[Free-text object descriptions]
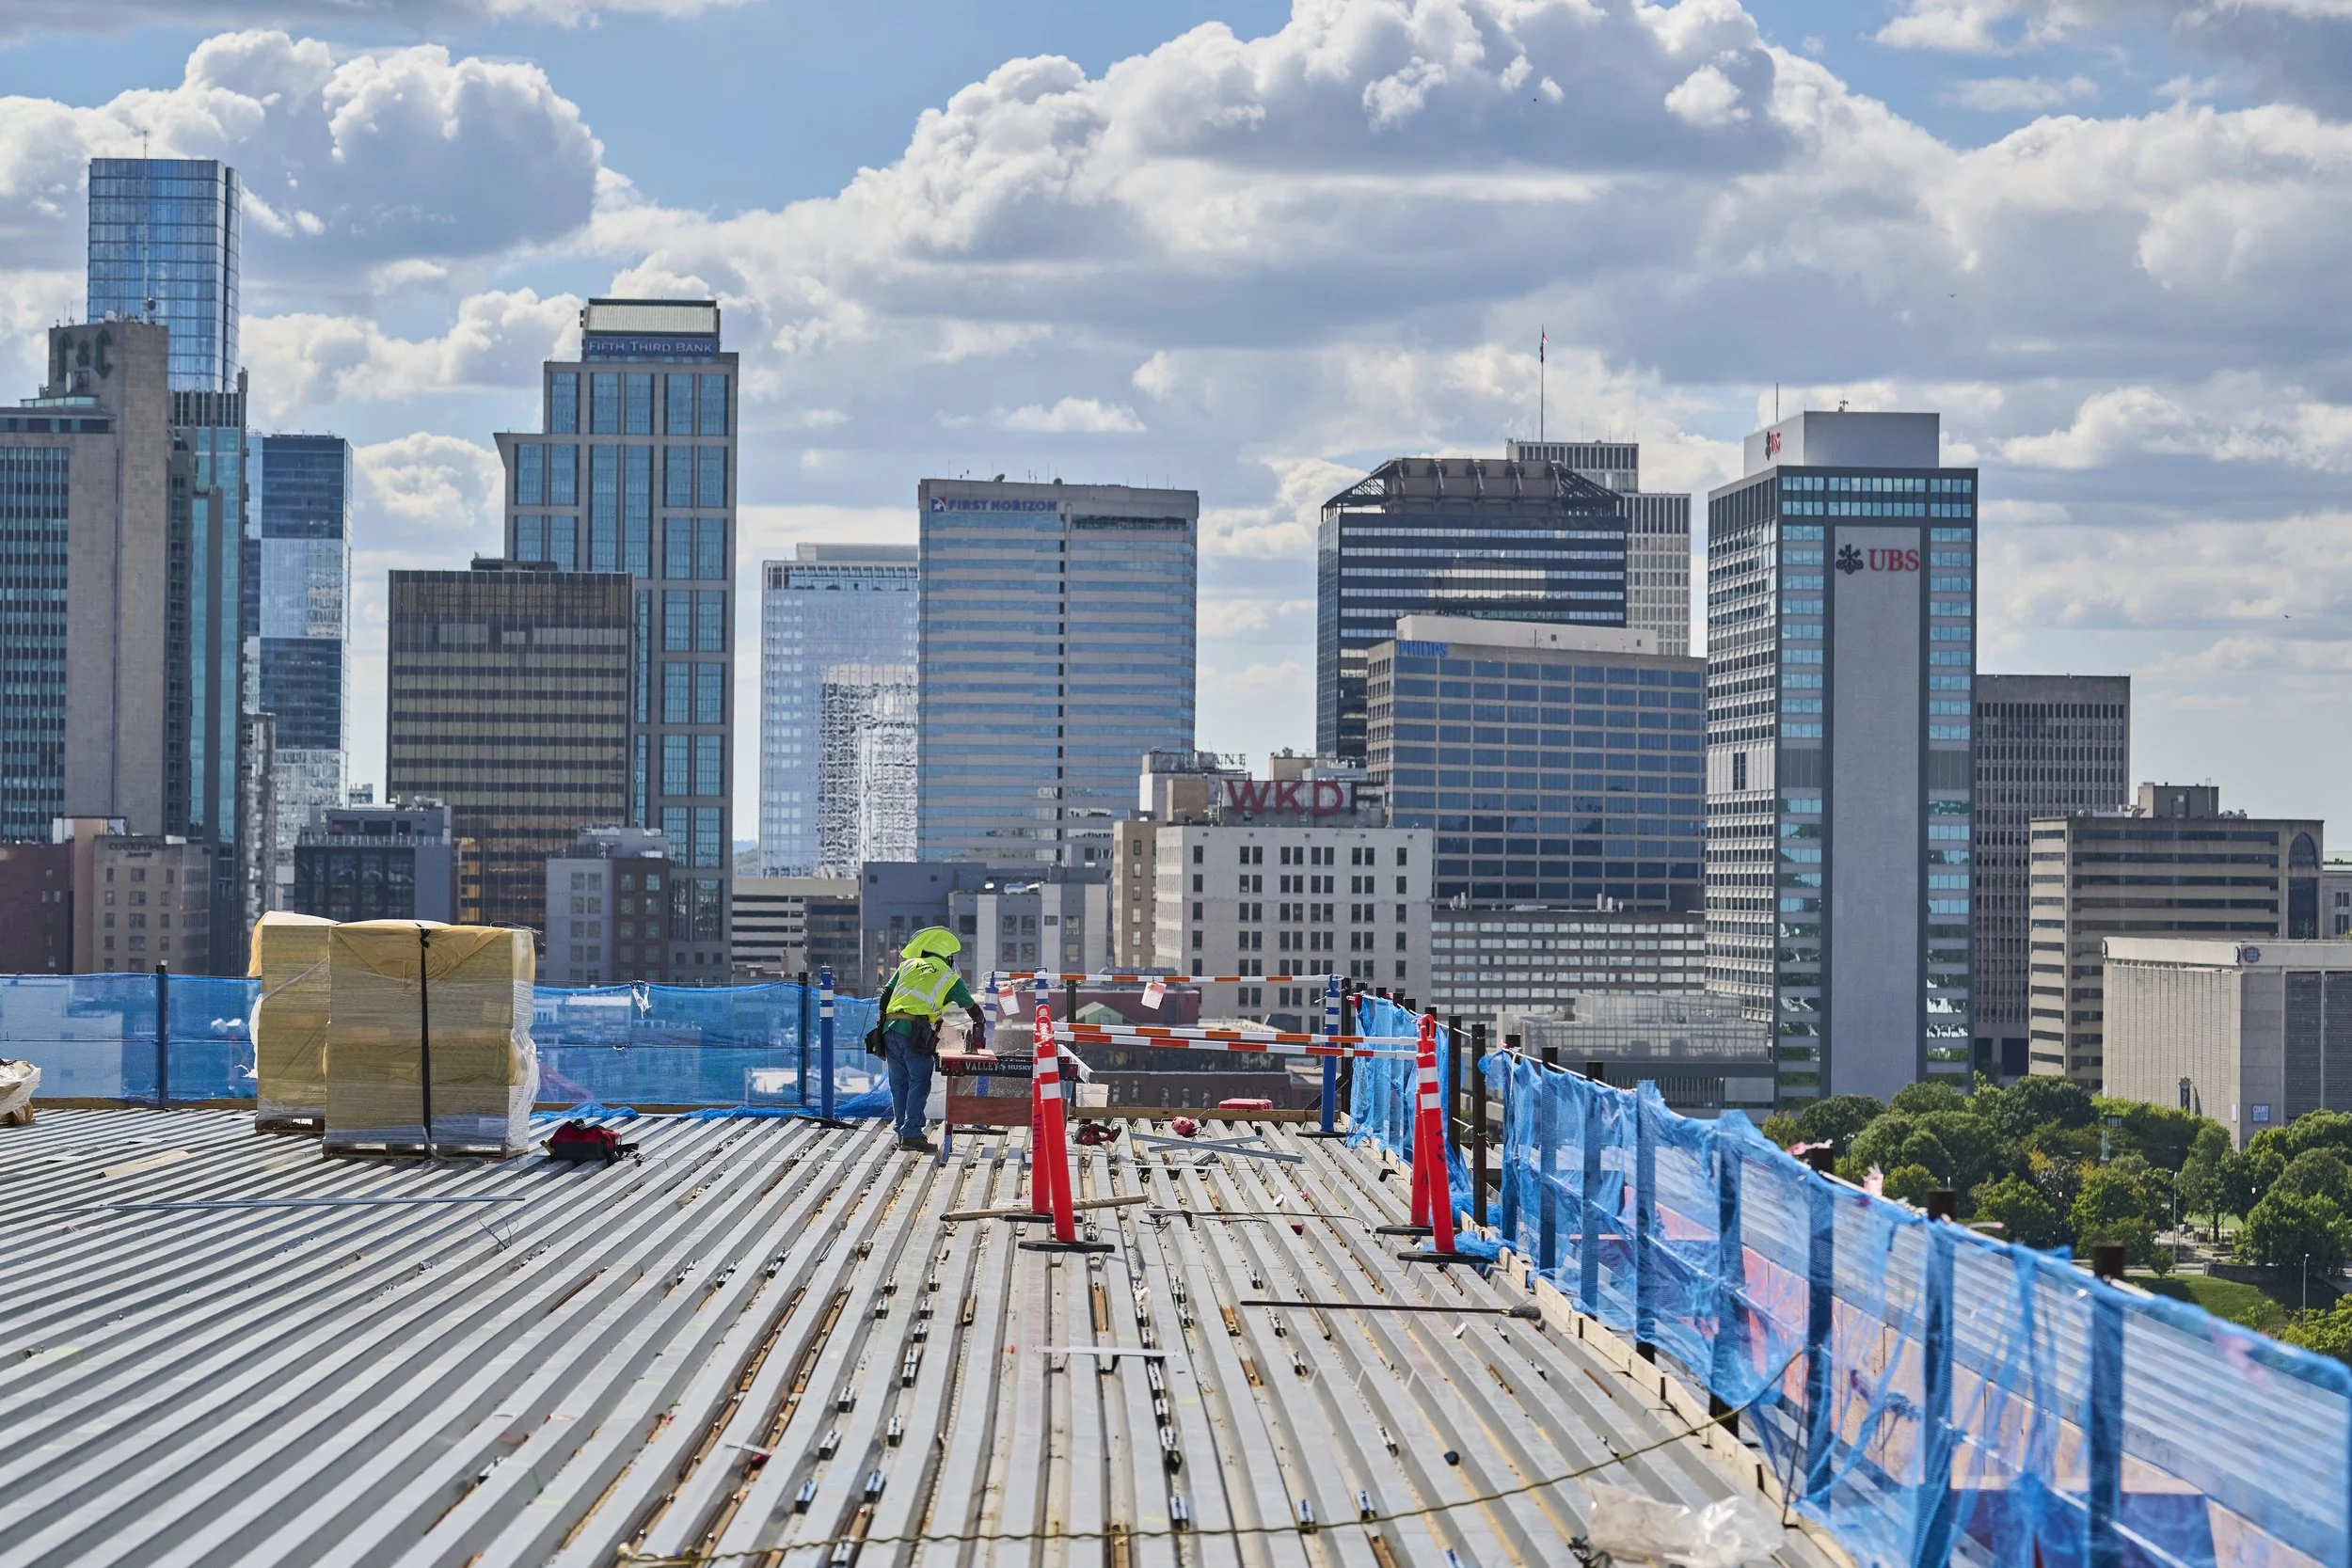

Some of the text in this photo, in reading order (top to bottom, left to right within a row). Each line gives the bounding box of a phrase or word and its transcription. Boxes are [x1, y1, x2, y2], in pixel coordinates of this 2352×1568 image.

[589, 341, 712, 353] FIFTH THIRD BANK
[948, 499, 1057, 512] FIRST HORIZON
[1868, 548, 1920, 572] UBS
[1399, 641, 1448, 658] PHILIPS
[965, 1062, 999, 1071] VALLEY
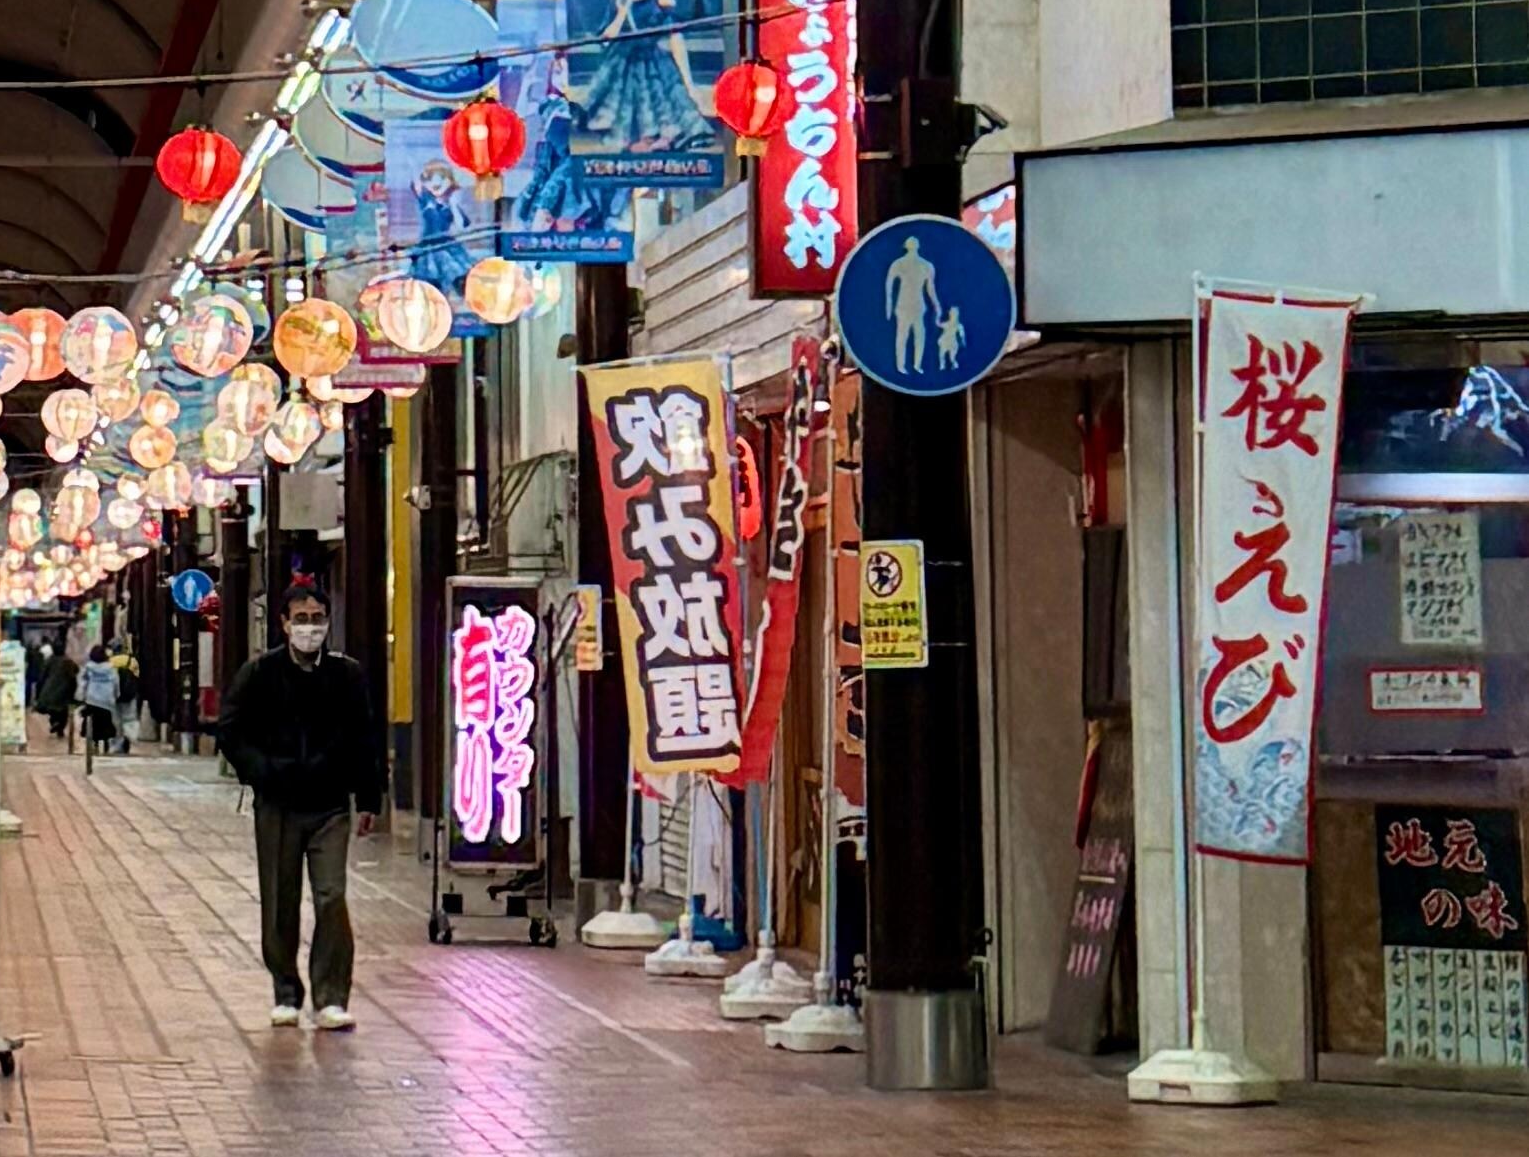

Your assignment — Leave the images aside and transcribe all entries exactly.

Solution for this problem —
Some of the text in this photo, in reading order (top to bottom, left to right within a row). Each line gives the bounding box of a phrase or word and its transcription. Boxes are [x1, y1, x2, y2], in pixel coordinates of this 2352×1568 image.

[589, 341, 712, 353] FIFTH THIRD BANK
[948, 499, 1057, 512] FIRST HORIZON
[1868, 548, 1920, 572] UBS
[1399, 641, 1448, 658] PHILIPS
[965, 1062, 999, 1071] VALLEY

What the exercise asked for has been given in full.